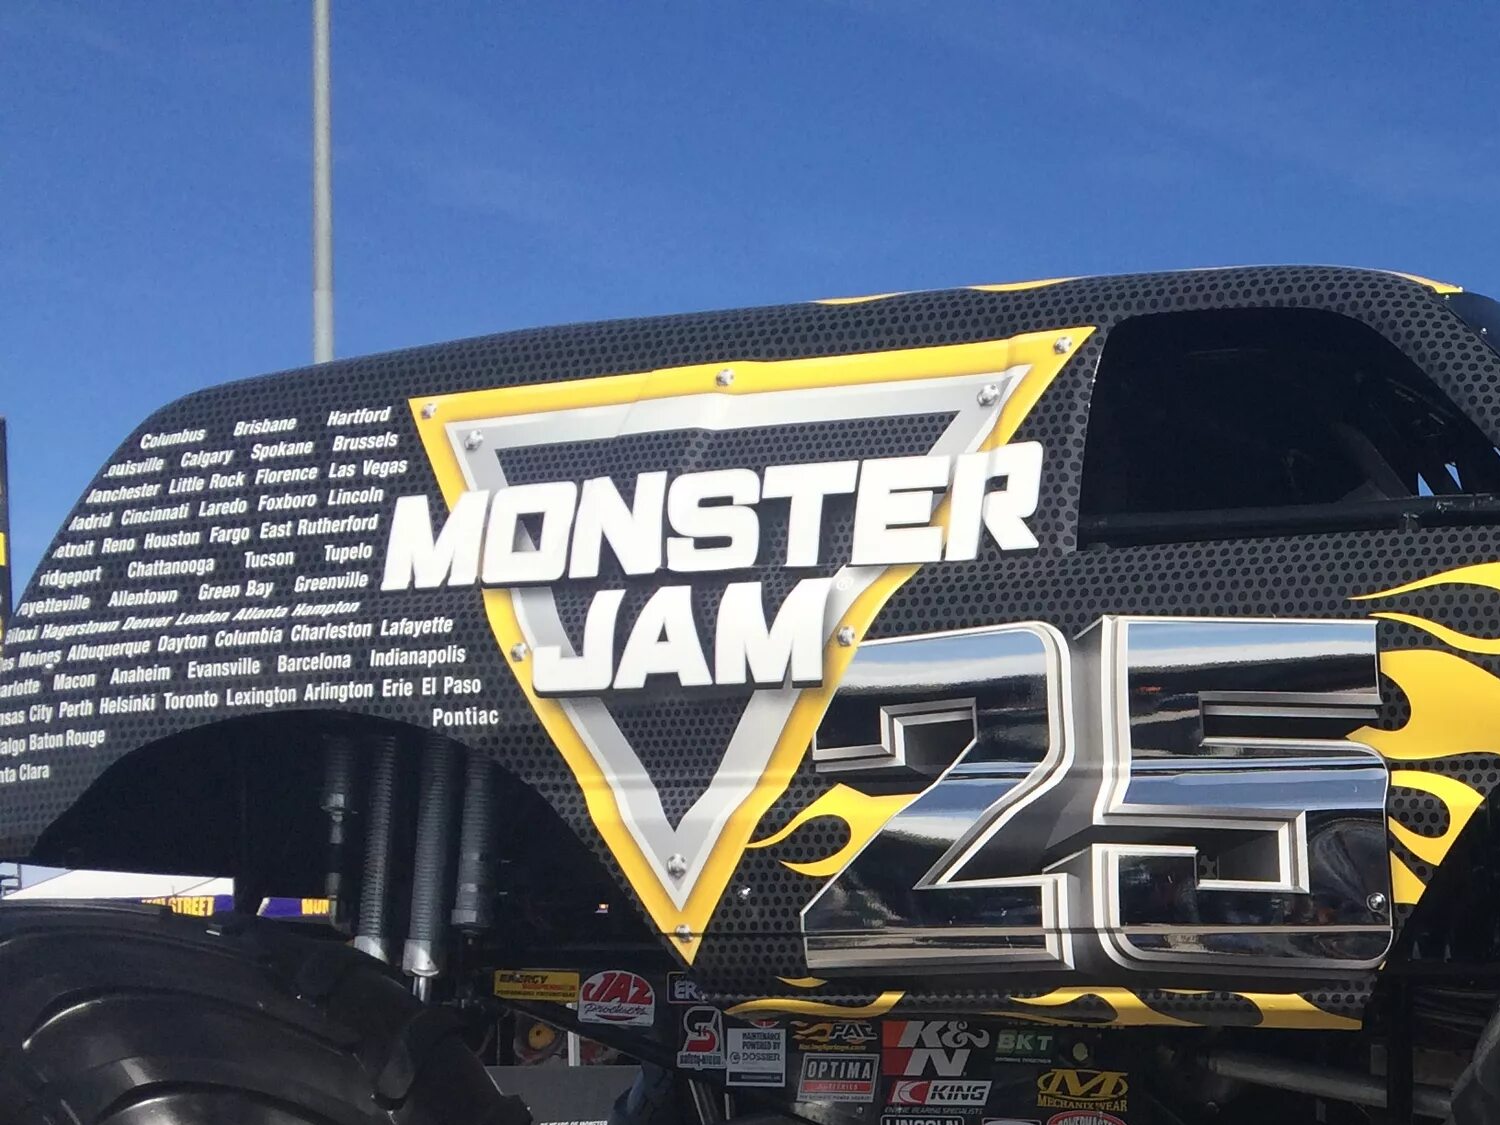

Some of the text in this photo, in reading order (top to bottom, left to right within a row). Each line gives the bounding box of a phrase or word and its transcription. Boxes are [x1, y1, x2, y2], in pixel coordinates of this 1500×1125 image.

[140, 406, 391, 449] Columbus Brisbane Hartford
[103, 432, 399, 478] ouisville Calgary Spokane Brussels
[168, 477, 205, 494] Little
[209, 472, 247, 489] Rock
[255, 466, 318, 485] Florence
[328, 462, 356, 478] Las
[362, 459, 408, 478] Vegas
[121, 502, 190, 526] Cincinnati
[199, 497, 248, 517] Laredo
[258, 493, 317, 511] Foxboro
[327, 486, 384, 506] Lincoln
[380, 440, 1043, 591] MONSTER
[52, 514, 380, 559] etroit Reno Houston Fargo East Rutherford
[39, 542, 373, 589] ridgeport Chattanooga Tucson Tupelo
[108, 589, 178, 607] Allentown
[198, 583, 241, 600] Green
[246, 580, 275, 598] Bay
[294, 571, 369, 593] Greenville
[41, 620, 120, 640] Hagerstown
[121, 616, 174, 631] Denver
[175, 610, 231, 627] London
[232, 605, 289, 621] Atlanta
[291, 601, 361, 617] Hampton
[532, 578, 836, 697] JAM
[18, 650, 61, 668] Moines
[67, 639, 151, 662] Albuquerque
[157, 633, 208, 653] Dayton
[215, 626, 283, 647] Columbia
[291, 622, 373, 641] Charleston
[380, 616, 453, 637] Lafayette
[0, 644, 466, 698] arlotte Macon Anaheim Evansville Barcelona Indianapolis
[29, 704, 53, 723] City
[59, 699, 94, 719] Perth
[99, 694, 156, 714] Helsinki
[163, 690, 218, 710] Toronto
[226, 687, 297, 707] Lexington
[303, 681, 373, 703] Arlington
[382, 678, 413, 697] Erie
[422, 677, 436, 695] El
[444, 676, 482, 695] Paso
[432, 706, 499, 727] Pontiac
[29, 732, 63, 750] Baton
[66, 729, 105, 748] Rouge
[19, 763, 50, 781] Clara
[799, 614, 1394, 971] 25
[583, 972, 652, 1005] JAZ
[584, 1003, 650, 1016] Products
[999, 1031, 1053, 1051] BKT
[807, 1061, 871, 1079] OPTIMA
[931, 1086, 986, 1100] KING
[1037, 1094, 1127, 1112] MECHANIX WEAR

--

→ What you need to do: Exclude the pictures and give back the rest of the data above exactly as written.

→ Solution:
Some of the text in this photo, in reading order (top to bottom, left to right within a row). Each line gives the bounding box of a phrase or word and its transcription. Boxes are [x1, y1, x2, y2], in pixel coordinates of this 1500×1125 image.

[140, 406, 391, 449] Columbus Brisbane Hartford
[103, 432, 399, 478] ouisville Calgary Spokane Brussels
[168, 477, 205, 494] Little
[209, 472, 247, 489] Rock
[255, 466, 318, 485] Florence
[328, 462, 356, 478] Las
[362, 459, 408, 478] Vegas
[121, 502, 190, 526] Cincinnati
[199, 497, 248, 517] Laredo
[258, 493, 317, 511] Foxboro
[327, 486, 384, 506] Lincoln
[380, 440, 1043, 591] MONSTER
[52, 514, 380, 559] etroit Reno Houston Fargo East Rutherford
[39, 542, 373, 589] ridgeport Chattanooga Tucson Tupelo
[108, 589, 178, 607] Allentown
[198, 583, 241, 600] Green
[246, 580, 275, 598] Bay
[294, 571, 369, 593] Greenville
[41, 620, 120, 640] Hagerstown
[121, 616, 174, 631] Denver
[175, 610, 231, 627] London
[232, 605, 289, 621] Atlanta
[291, 601, 361, 617] Hampton
[532, 578, 836, 697] JAM
[18, 650, 61, 668] Moines
[67, 639, 151, 662] Albuquerque
[157, 633, 208, 653] Dayton
[215, 626, 283, 647] Columbia
[291, 622, 373, 641] Charleston
[380, 616, 453, 637] Lafayette
[0, 644, 466, 698] arlotte Macon Anaheim Evansville Barcelona Indianapolis
[29, 704, 53, 723] City
[59, 699, 94, 719] Perth
[99, 694, 156, 714] Helsinki
[163, 690, 218, 710] Toronto
[226, 687, 297, 707] Lexington
[303, 681, 373, 703] Arlington
[382, 678, 413, 697] Erie
[422, 677, 436, 695] El
[444, 676, 482, 695] Paso
[432, 706, 499, 727] Pontiac
[29, 732, 63, 750] Baton
[66, 729, 105, 748] Rouge
[19, 763, 50, 781] Clara
[799, 614, 1394, 971] 25
[583, 972, 652, 1005] JAZ
[584, 1003, 650, 1016] Products
[999, 1031, 1053, 1051] BKT
[807, 1061, 871, 1079] OPTIMA
[931, 1086, 986, 1100] KING
[1037, 1094, 1127, 1112] MECHANIX WEAR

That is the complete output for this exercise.